__Task to carry out__.
Go through the entries below and print each one exactly, leaving out pictures.

····················

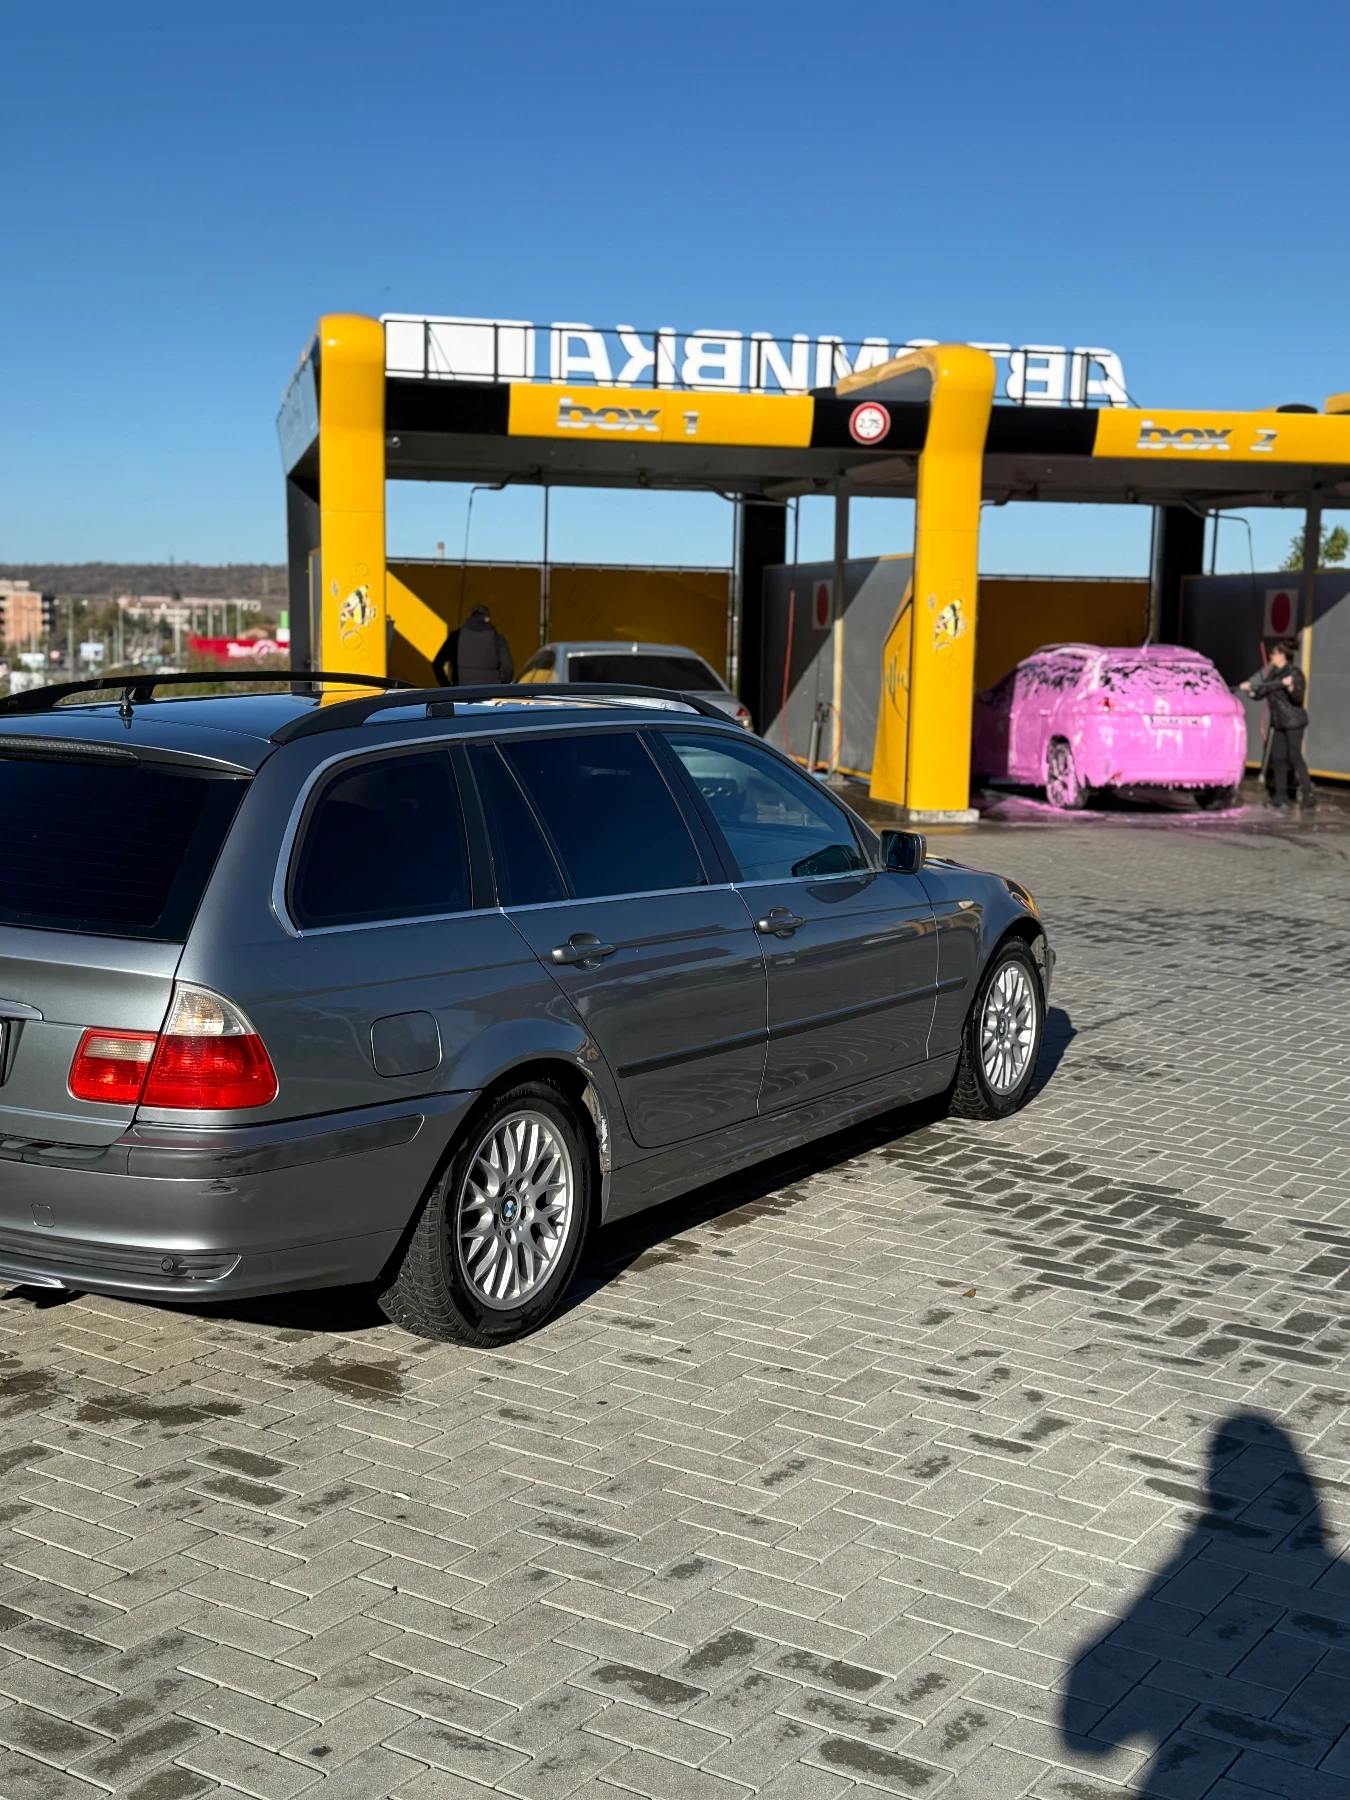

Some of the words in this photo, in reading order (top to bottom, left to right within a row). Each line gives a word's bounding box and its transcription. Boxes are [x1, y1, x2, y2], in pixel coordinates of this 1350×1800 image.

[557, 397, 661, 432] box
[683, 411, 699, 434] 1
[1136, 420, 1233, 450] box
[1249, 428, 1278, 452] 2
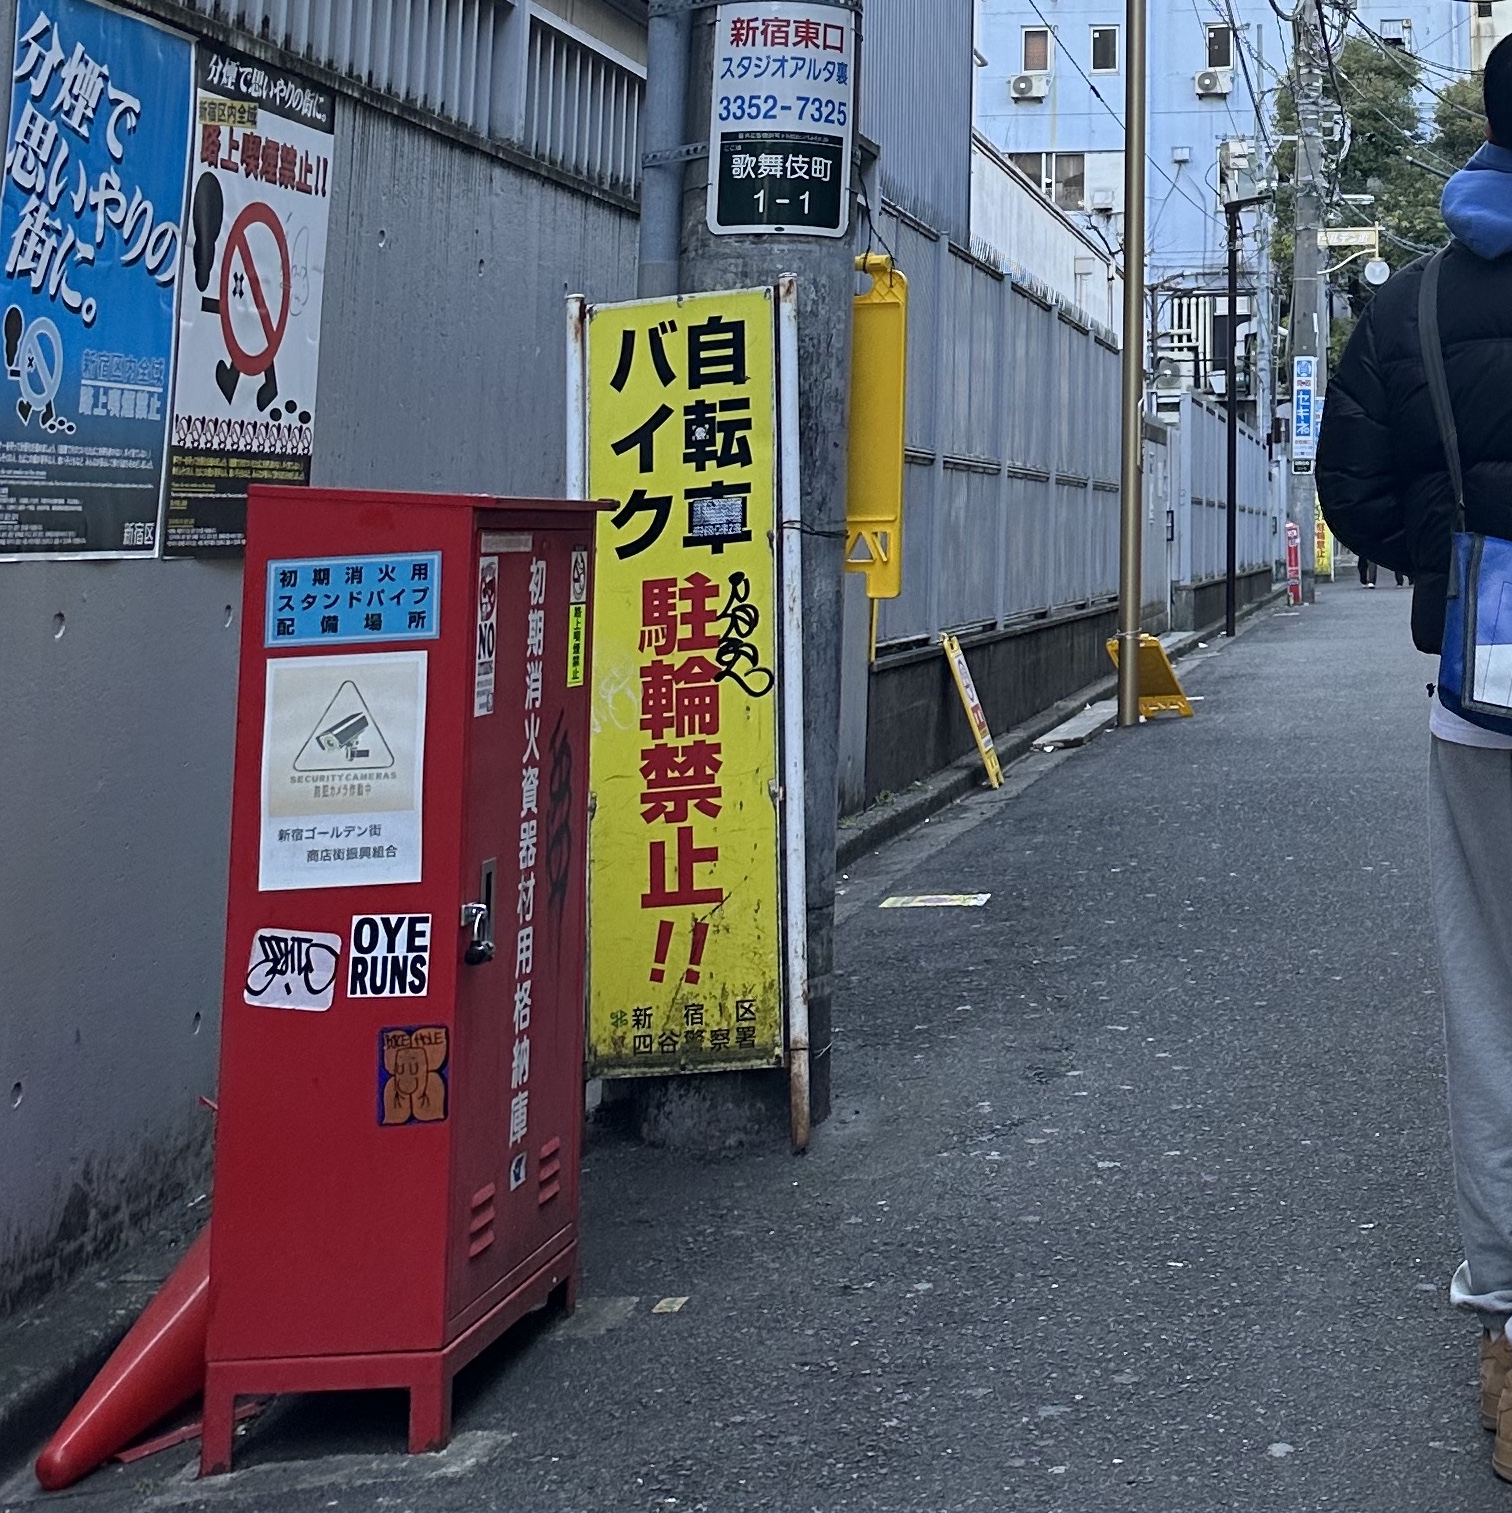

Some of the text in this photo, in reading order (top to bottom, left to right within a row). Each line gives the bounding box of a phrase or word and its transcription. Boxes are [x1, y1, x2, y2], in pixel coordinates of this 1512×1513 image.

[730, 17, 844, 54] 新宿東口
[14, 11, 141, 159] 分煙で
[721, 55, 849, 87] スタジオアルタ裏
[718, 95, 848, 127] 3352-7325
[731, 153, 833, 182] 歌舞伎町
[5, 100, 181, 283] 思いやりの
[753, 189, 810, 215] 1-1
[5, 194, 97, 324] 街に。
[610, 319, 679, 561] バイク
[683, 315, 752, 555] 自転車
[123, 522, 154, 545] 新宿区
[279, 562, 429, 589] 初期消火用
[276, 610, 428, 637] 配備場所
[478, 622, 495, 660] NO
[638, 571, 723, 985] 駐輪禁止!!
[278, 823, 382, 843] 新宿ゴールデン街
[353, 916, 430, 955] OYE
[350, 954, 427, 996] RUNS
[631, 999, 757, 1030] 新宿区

····················

__Your response__.
Some of the words in this photo, in reading order (top to bottom, left to right within a row). Each line gives a word's bounding box and its transcription. Boxes are [x1, y1, x2, y2], in pixel coordinates of this 1350×1800 image.

[557, 397, 661, 432] box
[683, 411, 699, 434] 1
[1136, 420, 1233, 450] box
[1249, 428, 1278, 452] 2

Some of the text in this photo, in reading order (top to bottom, left to right within a row). Each line gives the bounding box of a phrase or word and its transcription. Boxes are [x1, y1, x2, y2], in pixel coordinates of this 1512×1513 image.

[730, 17, 844, 54] 新宿東口
[14, 11, 141, 159] 分煙で
[721, 55, 849, 87] スタジオアルタ裏
[718, 95, 848, 127] 3352-7325
[731, 153, 833, 182] 歌舞伎町
[5, 100, 181, 283] 思いやりの
[753, 189, 810, 215] 1-1
[5, 194, 97, 324] 街に。
[610, 319, 679, 561] バイク
[683, 315, 752, 555] 自転車
[123, 522, 154, 545] 新宿区
[279, 562, 429, 589] 初期消火用
[276, 610, 428, 637] 配備場所
[478, 622, 495, 660] NO
[638, 571, 723, 985] 駐輪禁止!!
[278, 823, 382, 843] 新宿ゴールデン街
[353, 916, 430, 955] OYE
[350, 954, 427, 996] RUNS
[631, 999, 757, 1030] 新宿区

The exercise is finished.